Walter Christian Steinbach vom Förderverein sagt, es gebe genügend Entwicklungsmöglichkeiten in der Heimat, die sich aber nur in der Zusammenarbeit mit anderen Kommunen gestalten lassen. Dieser Teil von Rötha, der in das südliche Neuseenland hineinreicht, habe Potenziale. Deshalb sei es wichtig, über die künftige Bedeutung des Röthaer Stausees, mit dem Nordufer des Hainer Sees, nachzudenken, so Steinbach. Rad,-Wander- und Kutschwege sollten in das Gedankenkonzept ebenso einfließen wie Gastronomie entlang der Wege oder Bootsfahrten, betont er.

Am Fuße des Hainer Sees wartete bereits der Leiter der Regionalen Planungsstelle Leipzig-Westsachsen, Andreas Berkner auf die Rad- und Kutschfahrer. "Die Verbindungsstraße von Rötha nach Kahnsdorf ist ein neuralgischer Punkt für Wanderer und Radtouristen. Dieser könnte durch eine Unterquerung entschärft werden. Inwieweit dies durch eine zusätzliche Röhre neben der wasserführenden machbar ist, müsste geprüft werden. Auch eine Schleuse ist aus seiner Sicht machbar, welche den Röthaer Stausee und den Hainer See verbindet, doch die Kosten dafür würden über eine Million Euro betragen. Einen Standort und das Projekt dazu gebe es bereits.

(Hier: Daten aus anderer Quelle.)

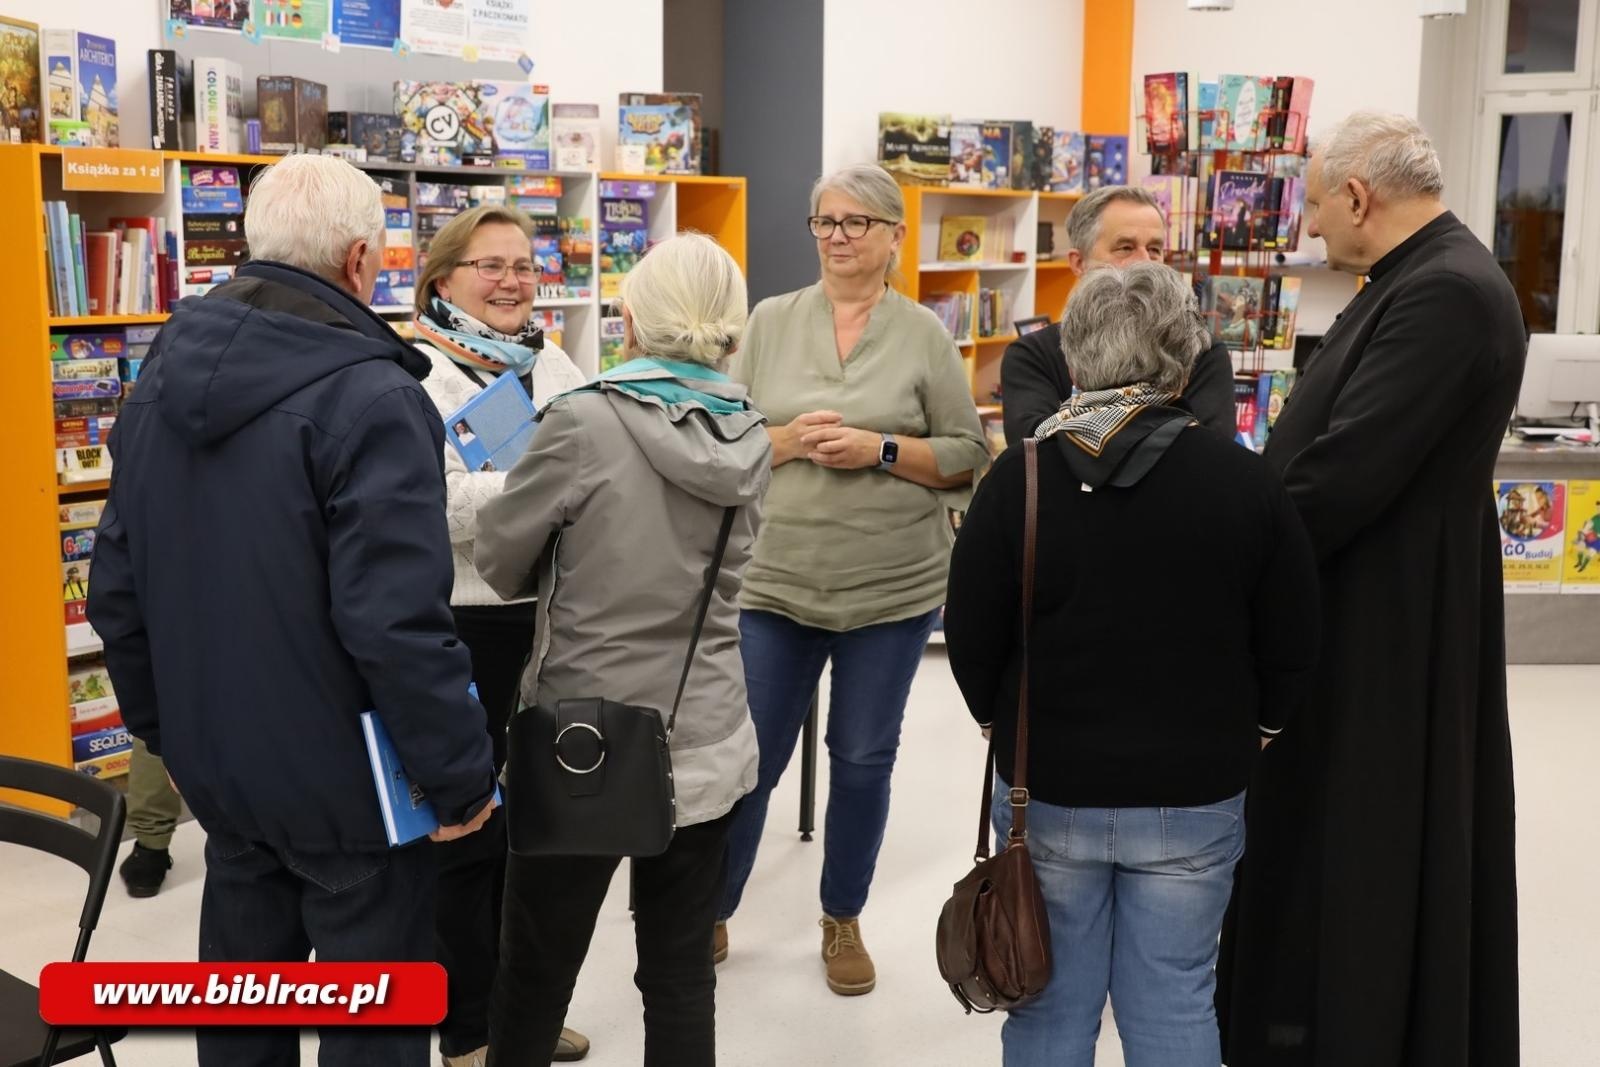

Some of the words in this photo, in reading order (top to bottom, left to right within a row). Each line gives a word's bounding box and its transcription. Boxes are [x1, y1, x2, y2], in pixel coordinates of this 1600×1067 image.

Walter Christian Steinbach fügte hinzu, dass Fördermöglichkeiten bis hin zur EU-Förderung für Projekte dieser Art möglich seien, die jedoch von den Kommunen auf den Weg gebracht werden müssten. "Trotz aller Schwierigkeiten lassen sich Förderungen mitunter so kombinieren, dass der Eigenanteil für die Kommunen bei etwa zehn Prozent liegen könnte", sagt Steinbach.

Nur über den Fortgang der Arbeiten für den Campingplatz am Nordufer des Hainer Sees blieb der Geschäftsführer des Blauwasser Seemanagement, Christian Conrad, Informationen unerwartet schuldig, indem er die Teilnehmer auf die Eröffnung im August vertröstete, wie er fernmündlich mitteilte. Zumindest sollen aber entlang des Lutherweges, der auch als Jakobsweg bezeichnet wird, Jakobsapfelbäume gepflanzt werden, so Steinbach vom Förderverein.